As a major employer in the Corridor, we contribute to the growth of the local economy, while also working to improve the health and well-being of all area residents. This has included extending our patient care mission to businesses through the Work-Related Care Management program, which provides several services to assist employers with solutions for improving the health and wellness of all team members

Through UI Hospitals and Clinics, patient care ranges from highly specialized, complex treatments and surgeries to basic primary care. Like other AMCs, UI Health Care provides critical community services – such as trauma and burn centers – that are often not available elsewhere. UI Health Care also provides care to Iowa’s vulnerable populations through charity care and state and federal health programs.

The impact of UI Health Care’s education mission is also significant to Iowa’s physician workforce, with the UI Carver College of Medicine graduating 140 new physicians every year, and more than 700 resident and fellow physicians in training at UI Hospitals and Clinics. Our data show that Carver College of Medicine students who do residency training in Iowa are nearly four times more likely to enter practice in Iowa than those training outside the state.

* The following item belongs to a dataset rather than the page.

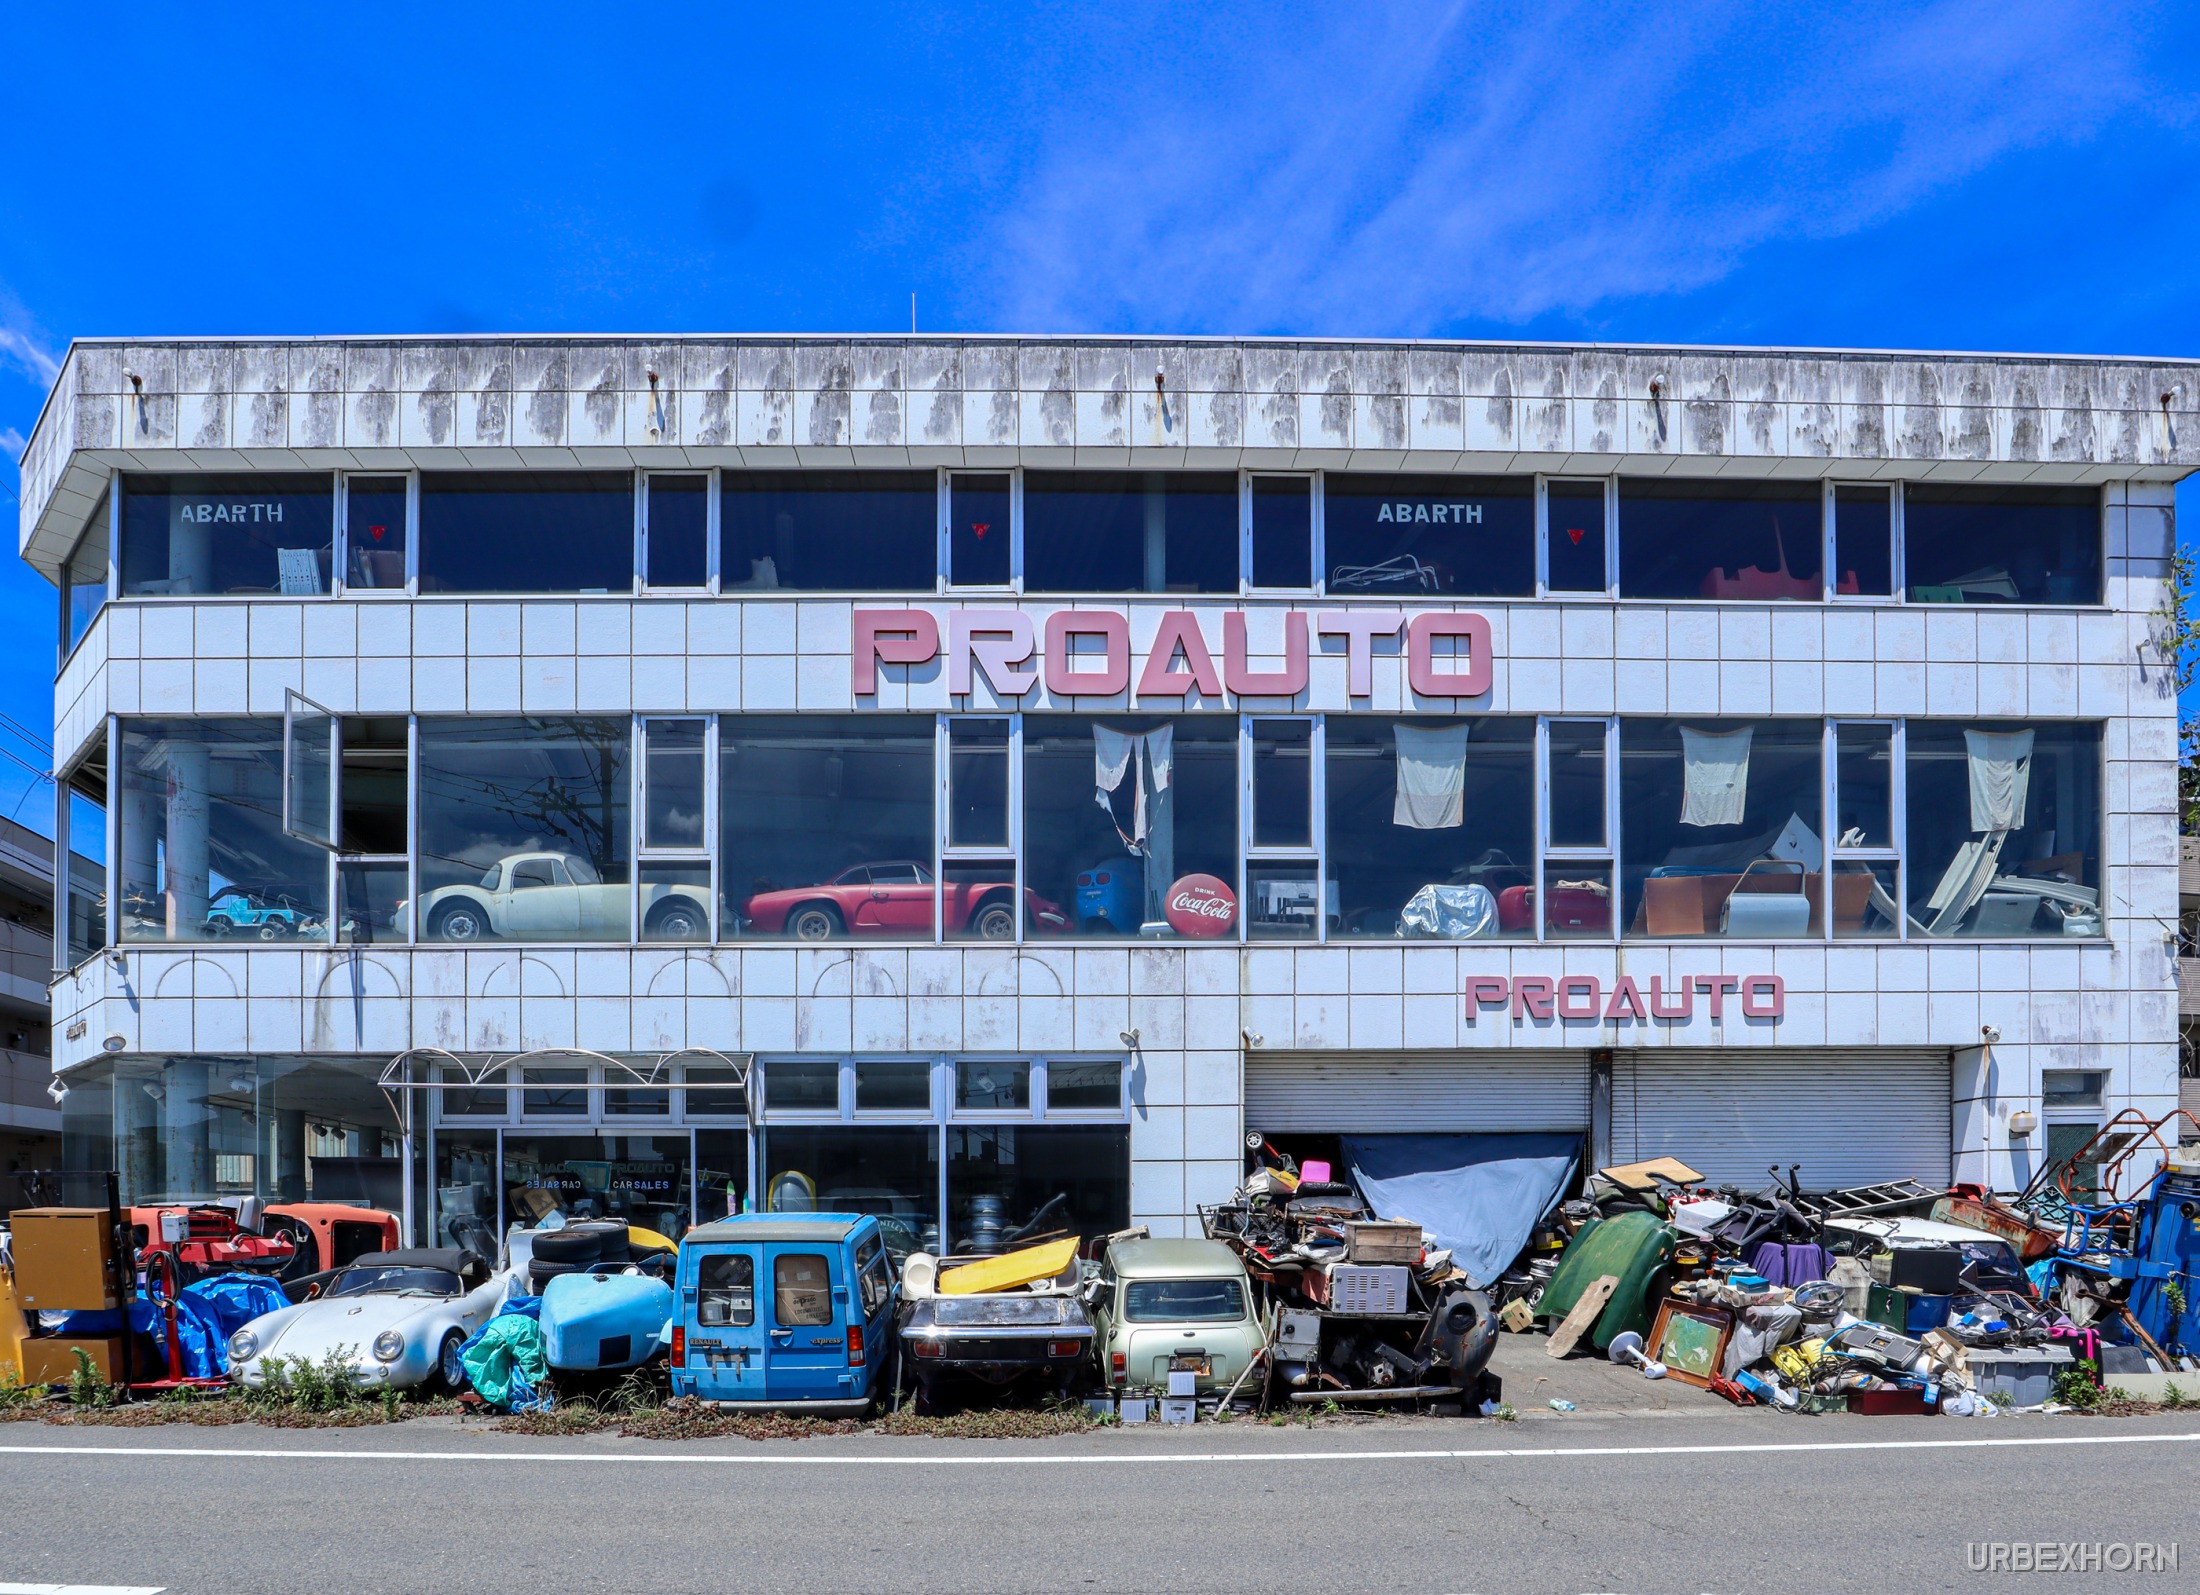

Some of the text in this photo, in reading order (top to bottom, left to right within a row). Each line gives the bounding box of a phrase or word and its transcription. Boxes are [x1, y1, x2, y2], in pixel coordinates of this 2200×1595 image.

As the research engines of the American health system, AMCs conduct more than half of all extramural research sponsored by the National Institutes of Health (NIH). In fiscal year 2016, the UI Carver College of Medicine garnered more than $229 million in external funding, including 254 grants totaling more than $105 million from the NIH.

Like other AMCs, UI Health Care faculty and staff members go beyond these mission-driven activities to provide community benefit programs or activities that promote health and wellness. In fiscal year 2015, we recorded contributions of more than $231 million and 644,381 persons receiving services, including free medical care for uninsured patients, health screenings and other preventive care, public seminars on health topics and population-based research.

In addition to societal benefits, AMCs have a substantial positive economic impact. The most recent report (2012) by the Association of American Medical Colleges (AAMC), conducted by Tripp Umbach of Pittsburgh, showed that UI Health Care had a total employment impact of 32,598 people, supported more than $277 million in revenue for the state, and provided a total economic impact of $4.6 billion.

Looking to the future, there are several key issues confronting academic medicine, including the availability of affordable, accessible insurance; status of scientific research funding; viability of learning and teaching methodologies; and caring for the well-being of the health workforce and an increasingly diverse nation.

To ensure that we preserve the strengths of the nation’s AMCs and their role in improving the health of all Americans, it is incumbent on those of us working in academic medicine and our policy makers at both state and federal level to carefully evaluate these issues and design solutions for these pressing issues.

Jean E. Robillard, M.D., is vice president for Medical Affairs, UI Health Care.